As you can see above, 95% confidence intervals are commonly graphed to show the potential spread of mean values. This distinction is important, as one could plot the standard deviation of the raw the data, the standard error of the related means, or the 95% confidence interval. These can be very different. As an example,let’s return to our normal population.

number_of_samples <- 1
sample_outcomes <- data.frame(mean = rep(NA, number_of_samples), sd = NA, se = NA)

for (i in 1:number_of_samples){
  sample_1 <- population_norm[sample(nrow(population_norm), 100),]
  sample_outcomes$mean[i] <- mean(sample_1$height)
  sample_outcomes$sd[i] <- sd(sample_1$height)
  sample_outcomes$se <- sd(sample_1$height)/sqrt(100)
}
sample_outcomes$sample <- as.factor(1:number_of_samples)

sample_1$sample <- "Data"
sample_1$data <- sample_1$height
onese <- sample_outcomes
onese$sample <- "+- 1 standard error"
onese$data <- onese$mean
onese$bar_length <-  onese$se
twosd <- sample_outcomes
twosd$sample <- "+- 2 standard error ~ \n 95% confidence interval"
twosd$data <- twosd$mean
twosd$bar_length <-  onese$se * 2
onesd <- sample_outcomes
onesd$sample <- "+- 1 standard deviation"
onesd$data <- onesd$mean
onesd$bar_length <-  onese$sd

example_clarity <- merge(sample_1, onese, all.x =T, all.y = T)
example_clarity <- merge(example_clarity, twosd, all.x =T, all.y = T)
example_clarity <- merge(example_clarity, onesd, all.x =T, all.y = T)

library(plyr)
example_clarity$sample <- relevel(as.factor(example_clarity$sample), "Data")

ggplot(example_clarity
       , aes(x=sample, y=data)) +
  geom_point() +
  geom_errorbar(aes(ymin=mean-bar_length, ymax=mean+bar_length))+
  labs(y ="Height (cm)", x= "Frequency",
       title = "Variation in error bar display")

Notice the differences! We will typically use 95% confidence intervals in class, but you should always specify in your captions and note when you read other papers!

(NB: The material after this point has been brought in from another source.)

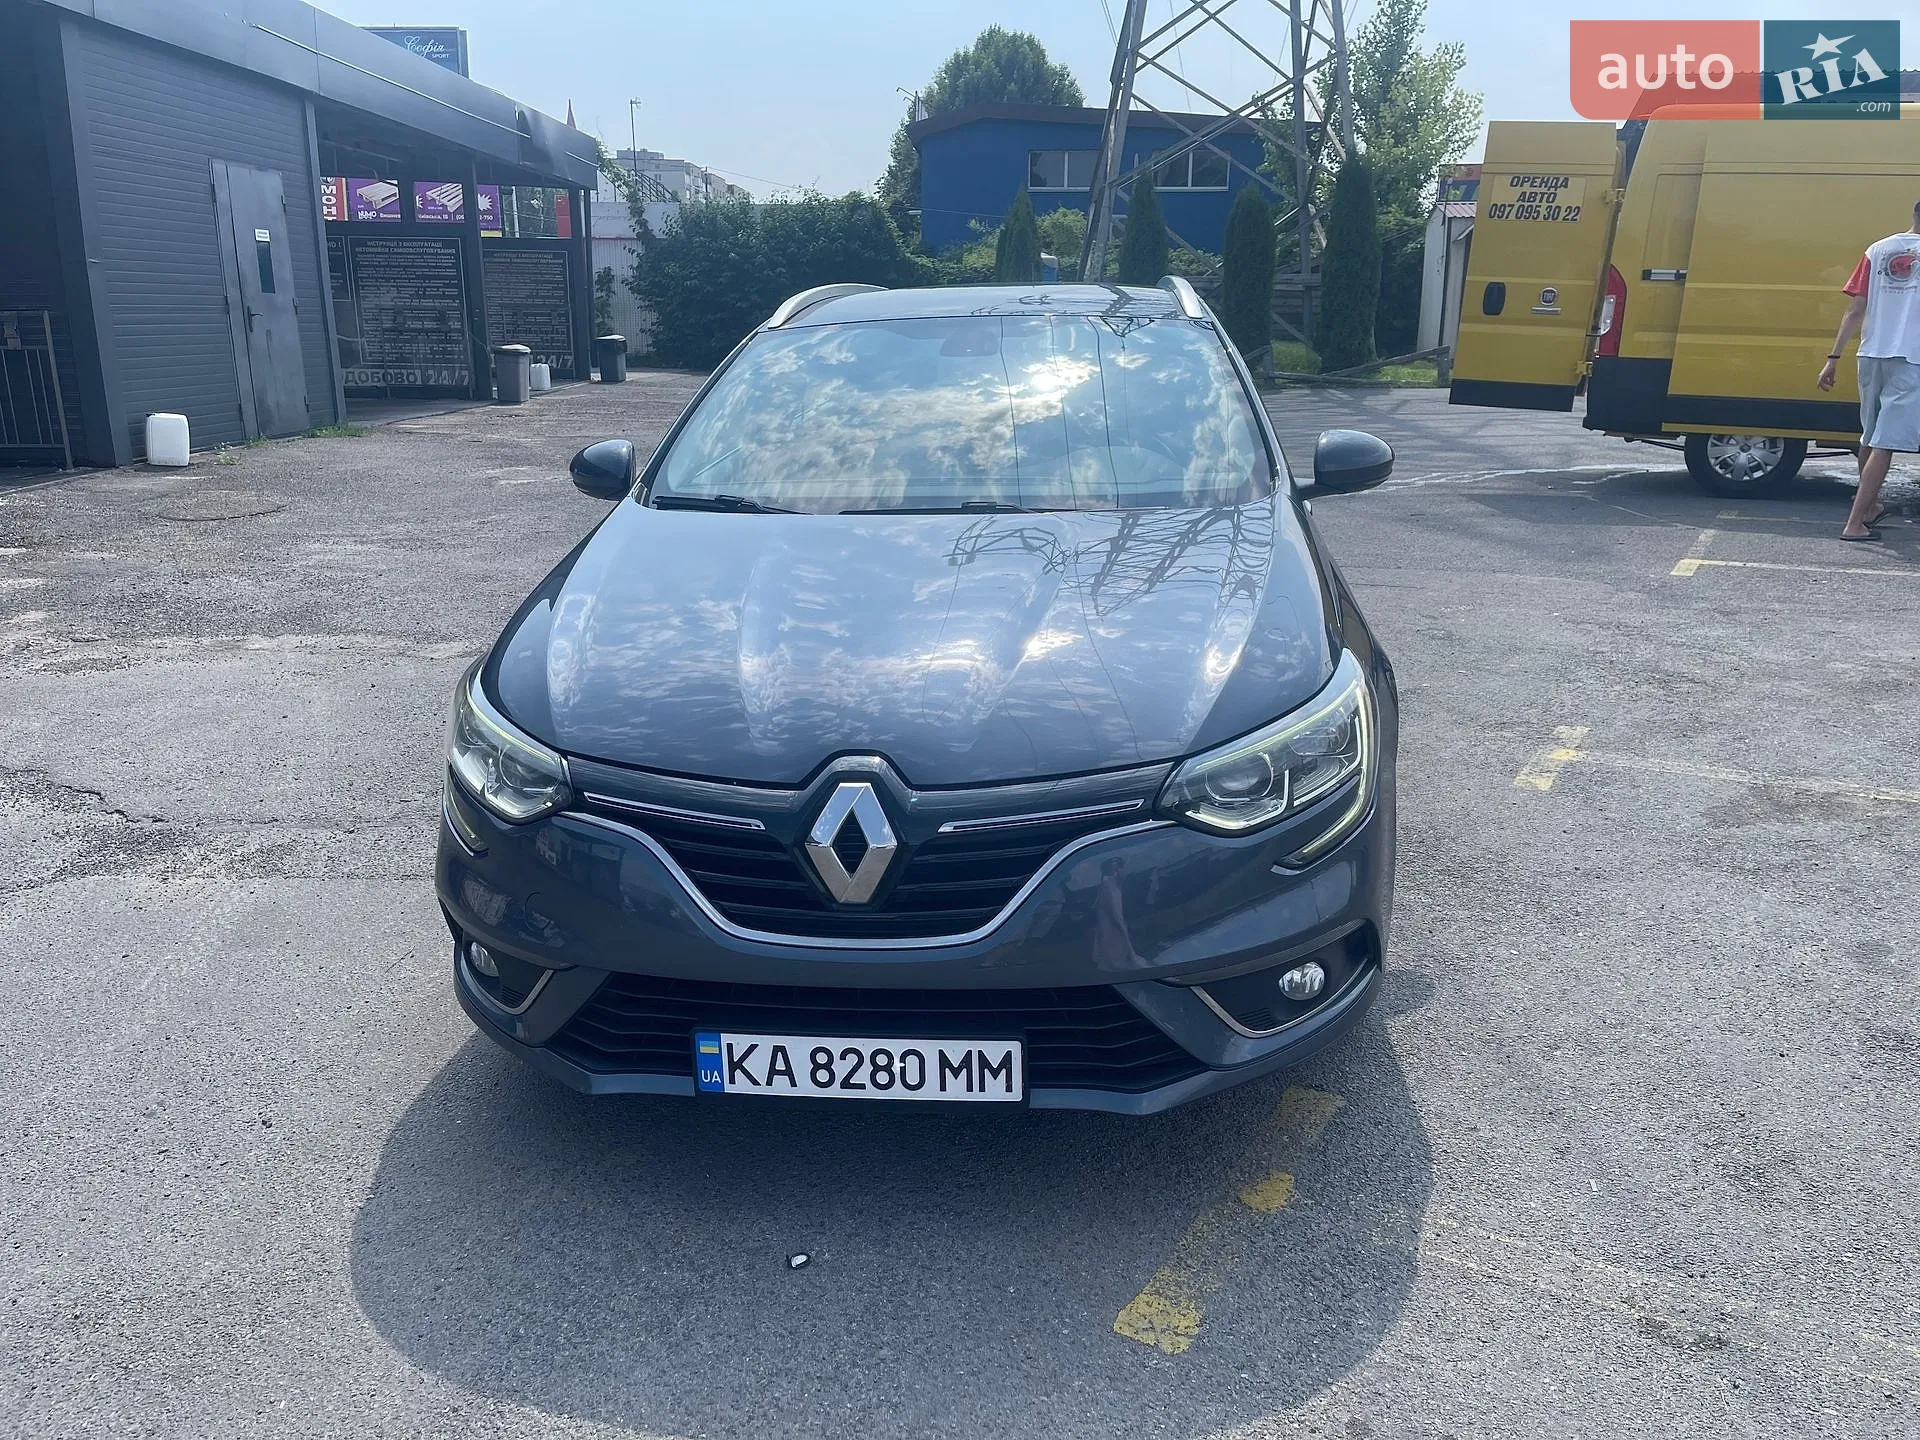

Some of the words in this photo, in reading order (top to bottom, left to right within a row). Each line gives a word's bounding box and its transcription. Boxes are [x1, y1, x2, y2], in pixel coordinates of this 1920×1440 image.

Visualizations of spread are commonly used with bar graphs (despite the earlier issues we noted with bar graphs!). For example, we can return to our iris data and add

library(Rmisc)
function_output <- summarySE(iris, measurevar="Sepal.Length", groupvars =
                               c("Species"))

ggplot(function_output, aes(y=Sepal.Length, x=Species, fill=Species)) +
  geom_col(aes(fill=Species)) +
    geom_errorbar(aes(ymin=Sepal.Length-ci, ymax=Sepal.Length+ci)) +
  labs(title=expression(paste("Sepal lengths of ",italic("I. species"))),
       y= "Sepal length (cm)",
       x= "Species")

In general, presenting the estimate for a parameter and measures of sampling error (or uncertainty) allow you to state the magnitude of a statistic. This is a different but related approach to the more commonly observed p-values (which we’ll get to!). For example, for a single population we can ask if the confidence interval includes a relevant value (like 0!). For multiple groups,we can consider if the true means are in the same range by looking at overlap in confidence intervals among the groups.

Next steps

In this chapter we’ve started to talk about probability. In the next we will review some probability basics before we move onto testing hypotheses.